Jake never asked Rafaella about her relationship with his father. He never asked whether they would marry, but then Rafaella had never asked that question, either. She thought now, as she fell asleep, that perhaps she’d been too afraid to find out the answer.
AND NOW LIFE HAD come full circle. Jake was “home” again, and the filigree white gazebo was welcoming a new pair of lovers.
50
CLARE WAS FIRST UP the next morning. She threw on a short denim skirt, a white shirt, and sneakers then stepped outside into the corridor. Both Franny and Little Blue’s doors were shut and she decided she’d better not wake them.
Downstairs everything was silent, though she suspected Haigh was up, after all it was after ten o’clock. She decided against disturbing him too, figuring he’d be in one of his huffy moods after the late night, and headed outside instead.
She ambled down the long straight driveway, her sneakered feet crunching on the gravel, sniffing the sharp cypressy scent that reminded her of the pinewoods back home. Soon she was out in the narrow lane that followed the perimeter wall of the chateau’s grounds. The banks were high with wildflowers whose names she did not know, blue and purple and the yellow of the sun itself and she picked a few, feeling like a kid again, when she would pick field flowers and put them in a jam jar of water and watch them rapidly wilt. Birds sang and the morning air was clean and winey, the way city air never was.
She told herself it was mere coincidence that she ended up in the village square, waving good morning to Monsieur Allier who was busy attaching hand-chalked price tags to his courgettes and melons. “B’jour, mademoiselle,” he called, “?a va bien?” Smiling, she called back, “Bien, merci, Monsieur Allier, et vous?”
She headed purposefully across the cobblestones to the Café des Colombes. A good strong cup of coffee was what she needed, and also, hopefully this morning, a couple of croissants. A chat with Laurent Jarré would be kind of amusing too, or was he the real reason she was there?
Putting that stray thought to the back of her mind, Clare bounced up the steps onto the terrace and strode into the café, a smile already on her face.

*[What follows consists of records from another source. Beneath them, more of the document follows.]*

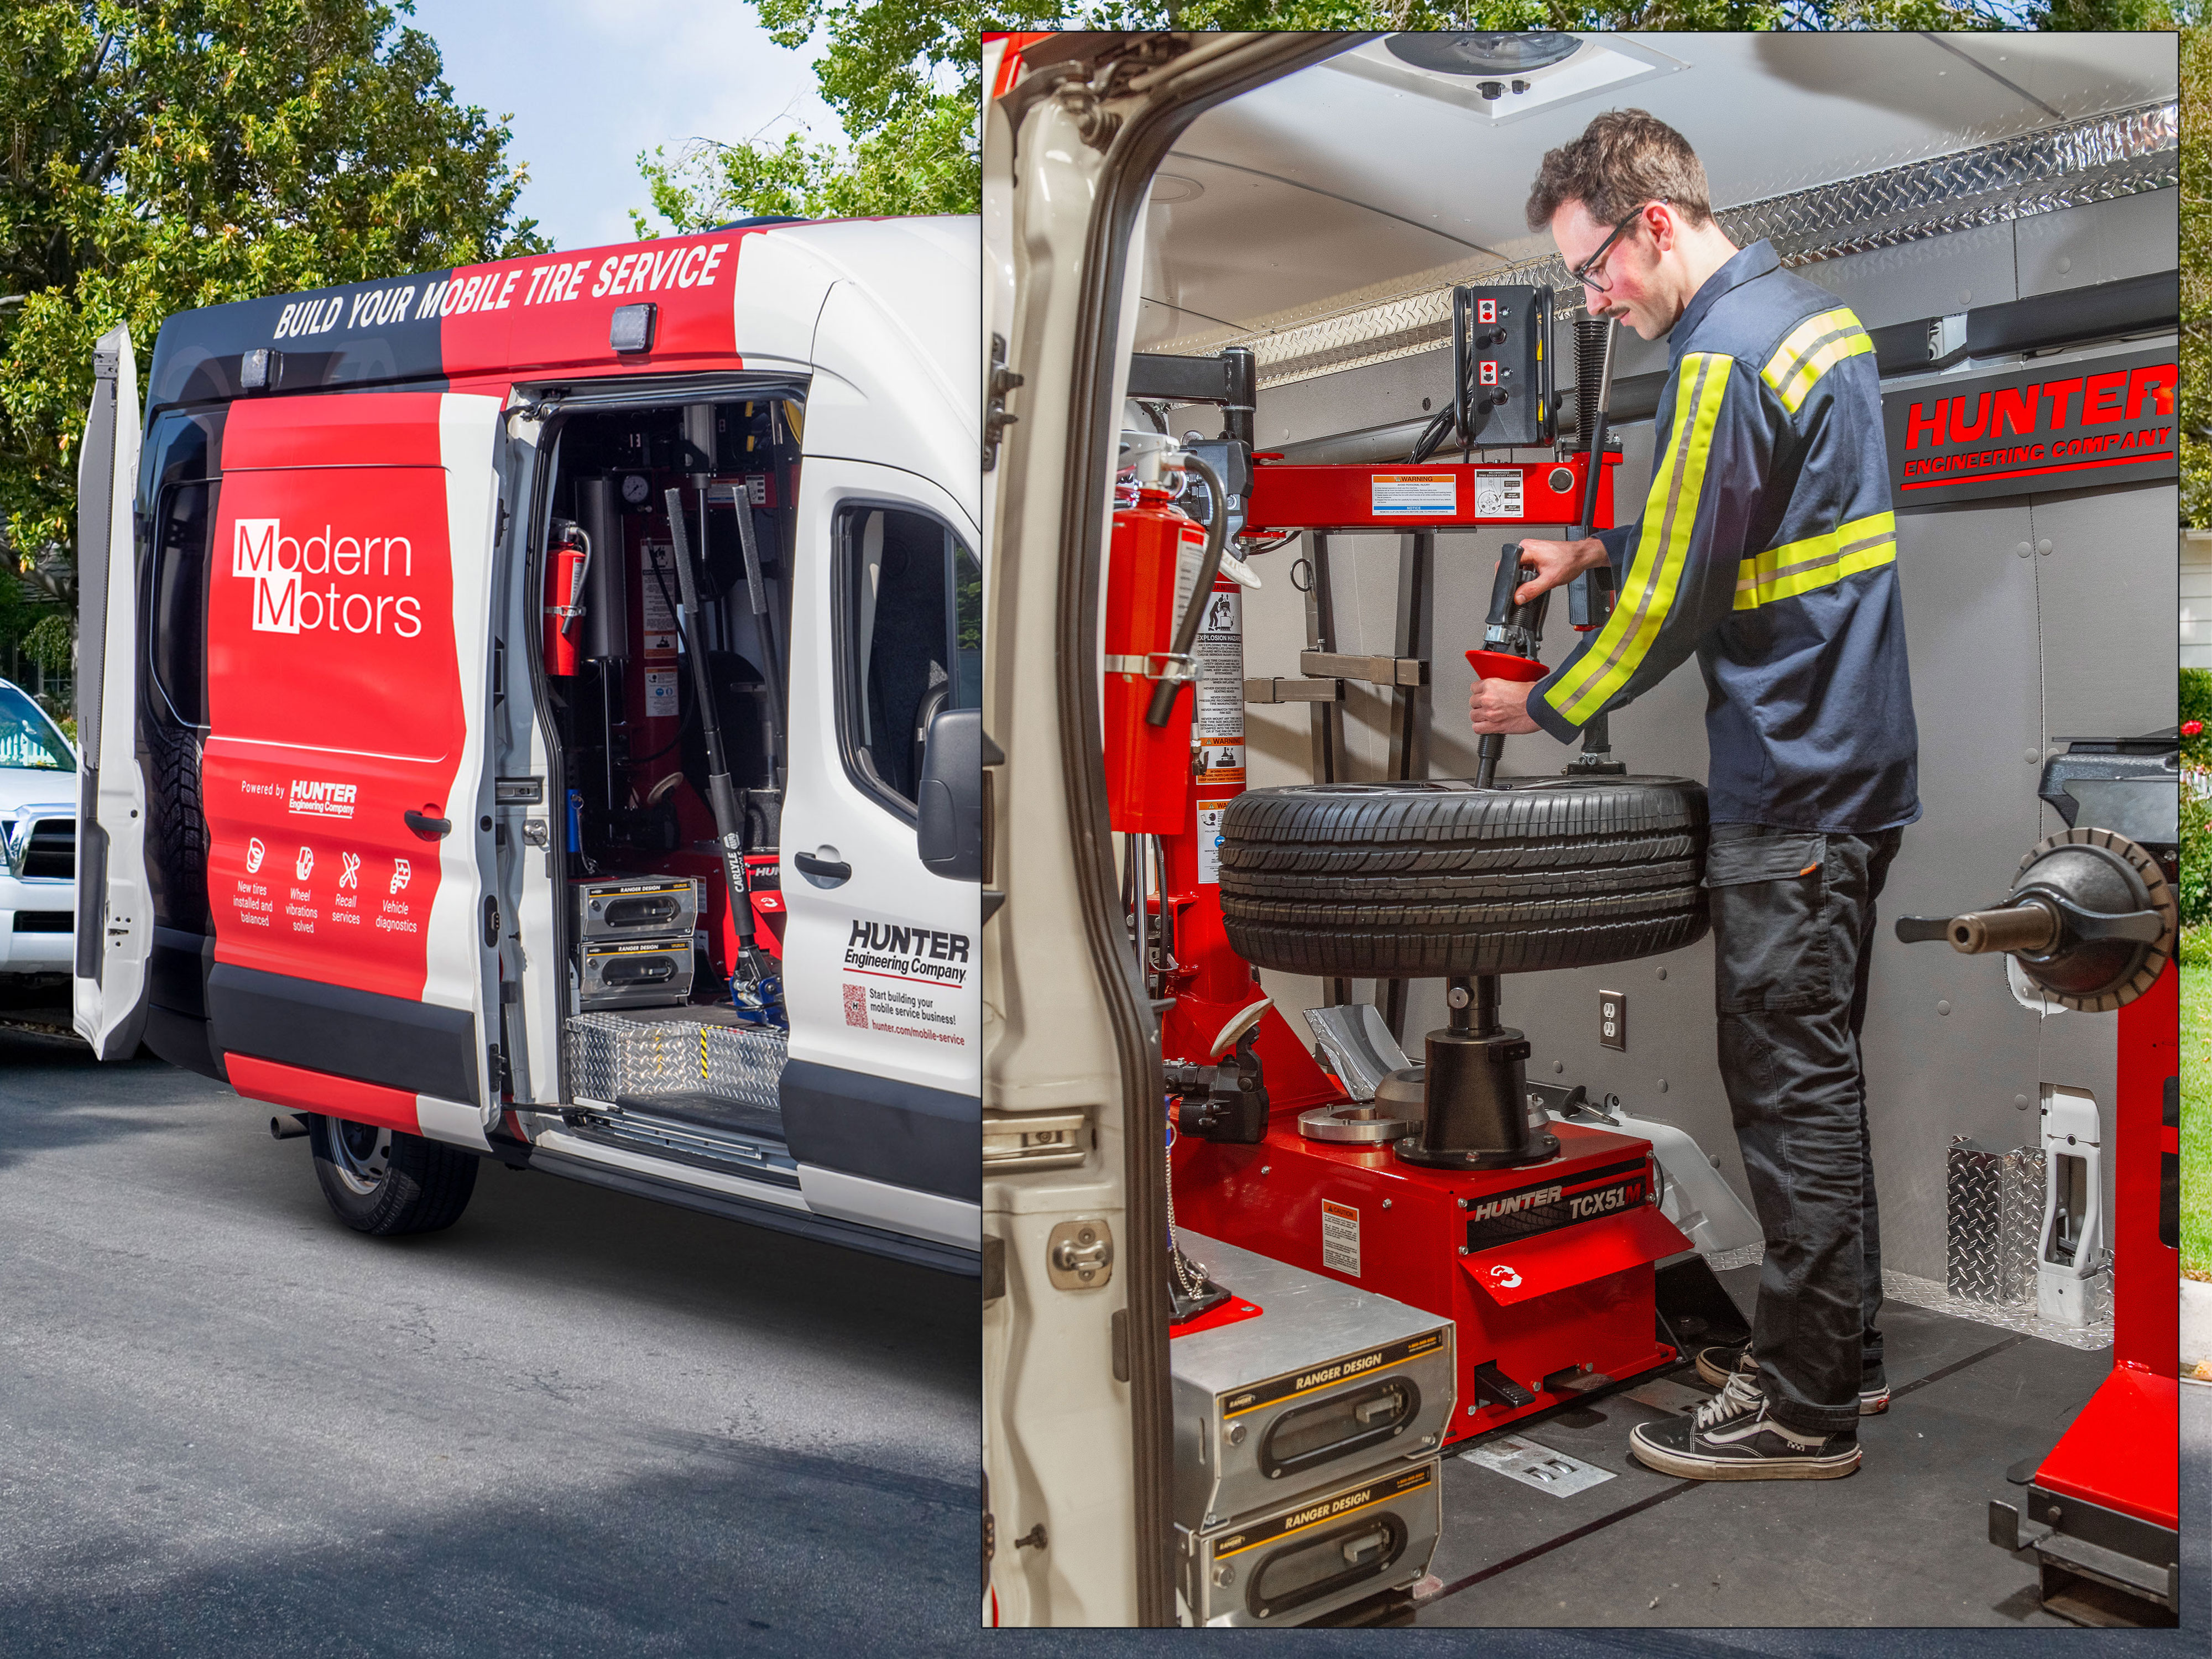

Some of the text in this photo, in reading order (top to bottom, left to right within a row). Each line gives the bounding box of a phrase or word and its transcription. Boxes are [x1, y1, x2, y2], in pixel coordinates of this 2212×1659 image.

[273, 243, 729, 340] BUILD YOUR MOBILE TIRE SERVICE
[1905, 363, 2178, 450] HUNTER
[1904, 427, 2172, 477] ENGINEERING COMPANY
[237, 524, 412, 576] Modern
[257, 577, 422, 638] Motors
[241, 780, 285, 799] Powered by
[290, 780, 357, 804] HUNTER
[289, 799, 324, 812] Engineering
[727, 852, 744, 893] CARLYLE
[237, 880, 267, 896] New tires
[290, 888, 311, 901] Wheel
[233, 895, 273, 912] installed and
[285, 903, 318, 919] vibrations
[335, 894, 357, 907] Recall
[383, 899, 409, 915] Vehicle
[241, 911, 269, 926] balanced
[293, 920, 314, 933] solved
[332, 911, 361, 925] services
[375, 915, 418, 933] diagnostics
[848, 919, 970, 963] HUNTER
[844, 948, 966, 983] Engineering Company
[869, 988, 933, 1009] Start building your
[870, 1003, 956, 1025] mobile service business!
[872, 1019, 965, 1046] hunter.com/mobile-service
[1333, 1207, 1353, 1218] CAUTION
[1474, 1183, 1641, 1222] HUNTER TCX51M
[1296, 1353, 1383, 1390] RANGER DESIGN
[1285, 1490, 1371, 1530] RANGER DESIGN

But Jarré wasn’t there. She walked around the back of the zinc counter, inspected the coffee machine and poured herself a cup. She helped herself to sugar which came wrapped as tiny sausages in fancy pink and white paper and strode back onto the terrace, picking up a well-thumbed copy of yesterday’s French newspaper as she went. Installed at a shady table under the awning with her feet propped on a chair, she sipped the coffee, flicking through the incomprehensible newspaper, waiting.

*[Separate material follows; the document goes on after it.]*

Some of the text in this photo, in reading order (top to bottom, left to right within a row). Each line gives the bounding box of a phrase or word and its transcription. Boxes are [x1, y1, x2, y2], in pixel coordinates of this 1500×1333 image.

She didn’t have to wait long. Jarré appeared from the garden behind the café carrying a straw basket piled with greenery. He stopped in his tracks and his dark eyes grew even darker when he saw her. Clare leaned back in her chair, looking over her shoulder at him, one eyebrow cocked.
“Bonjour, Monsieur Jarré,” she said, but there was an impish curl to her lips as she emphasized the Monsieur. “That is, if I can still call the man I danced with so many times last night ‘Monsieur’ ” .
Flustered, he said quickly in French. “It is the polite way in our village, mademoiselle.”
Clare unraveled herself from the chair. “Well then, we’ll just have to change that, won’t we? How about I call you Jarré? I like it better than Laurent. And you can call me Clare. Okay?”